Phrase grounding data
'''

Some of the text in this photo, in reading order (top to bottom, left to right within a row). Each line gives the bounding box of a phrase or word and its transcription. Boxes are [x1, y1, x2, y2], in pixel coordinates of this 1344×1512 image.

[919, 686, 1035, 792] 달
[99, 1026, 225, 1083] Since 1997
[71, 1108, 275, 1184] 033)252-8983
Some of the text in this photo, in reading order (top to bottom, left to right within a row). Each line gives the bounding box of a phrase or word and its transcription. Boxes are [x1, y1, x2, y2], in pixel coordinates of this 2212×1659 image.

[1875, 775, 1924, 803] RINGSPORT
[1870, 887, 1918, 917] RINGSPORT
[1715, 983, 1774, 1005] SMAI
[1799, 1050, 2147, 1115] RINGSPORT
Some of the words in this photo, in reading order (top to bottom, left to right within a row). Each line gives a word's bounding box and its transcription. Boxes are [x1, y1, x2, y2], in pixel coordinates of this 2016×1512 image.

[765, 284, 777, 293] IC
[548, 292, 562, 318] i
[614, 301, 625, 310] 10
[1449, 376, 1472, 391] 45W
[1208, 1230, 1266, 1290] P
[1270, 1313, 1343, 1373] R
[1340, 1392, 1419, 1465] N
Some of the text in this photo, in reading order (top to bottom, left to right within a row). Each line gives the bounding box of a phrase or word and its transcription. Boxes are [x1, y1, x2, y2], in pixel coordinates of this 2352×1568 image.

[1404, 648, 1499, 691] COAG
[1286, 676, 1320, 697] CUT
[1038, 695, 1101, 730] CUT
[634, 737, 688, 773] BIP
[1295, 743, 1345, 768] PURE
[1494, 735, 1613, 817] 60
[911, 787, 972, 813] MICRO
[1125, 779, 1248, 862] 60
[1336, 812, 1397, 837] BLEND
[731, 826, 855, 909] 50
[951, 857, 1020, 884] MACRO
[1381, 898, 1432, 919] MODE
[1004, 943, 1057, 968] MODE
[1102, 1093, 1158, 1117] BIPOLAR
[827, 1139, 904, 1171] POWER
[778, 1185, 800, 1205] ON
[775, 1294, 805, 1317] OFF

'''

### What needs to be done
Write out the full set of records exactly as given.

### Written answer
Some of the text in this photo, in reading order (top to bottom, left to right within a row). Each line gives the bounding box of a phrase or word and its transcription. Boxes are [x1, y1, x2, y2], in pixel coordinates of this 1344×1512 image.

[919, 686, 1035, 792] 달
[99, 1026, 225, 1083] Since 1997
[71, 1108, 275, 1184] 033)252-8983
Some of the text in this photo, in reading order (top to bottom, left to right within a row). Each line gives the bounding box of a phrase or word and its transcription. Boxes are [x1, y1, x2, y2], in pixel coordinates of this 2212×1659 image.

[1875, 775, 1924, 803] RINGSPORT
[1870, 887, 1918, 917] RINGSPORT
[1715, 983, 1774, 1005] SMAI
[1799, 1050, 2147, 1115] RINGSPORT
Some of the words in this photo, in reading order (top to bottom, left to right within a row). Each line gives a word's bounding box and its transcription. Boxes are [x1, y1, x2, y2], in pixel coordinates of this 2016×1512 image.

[765, 284, 777, 293] IC
[548, 292, 562, 318] i
[614, 301, 625, 310] 10
[1449, 376, 1472, 391] 45W
[1208, 1230, 1266, 1290] P
[1270, 1313, 1343, 1373] R
[1340, 1392, 1419, 1465] N
Some of the text in this photo, in reading order (top to bottom, left to right within a row). Each line gives the bounding box of a phrase or word and its transcription. Boxes are [x1, y1, x2, y2], in pixel coordinates of this 2352×1568 image.

[1404, 648, 1499, 691] COAG
[1286, 676, 1320, 697] CUT
[1038, 695, 1101, 730] CUT
[634, 737, 688, 773] BIP
[1295, 743, 1345, 768] PURE
[1494, 735, 1613, 817] 60
[911, 787, 972, 813] MICRO
[1125, 779, 1248, 862] 60
[1336, 812, 1397, 837] BLEND
[731, 826, 855, 909] 50
[951, 857, 1020, 884] MACRO
[1381, 898, 1432, 919] MODE
[1004, 943, 1057, 968] MODE
[1102, 1093, 1158, 1117] BIPOLAR
[827, 1139, 904, 1171] POWER
[778, 1185, 800, 1205] ON
[775, 1294, 805, 1317] OFF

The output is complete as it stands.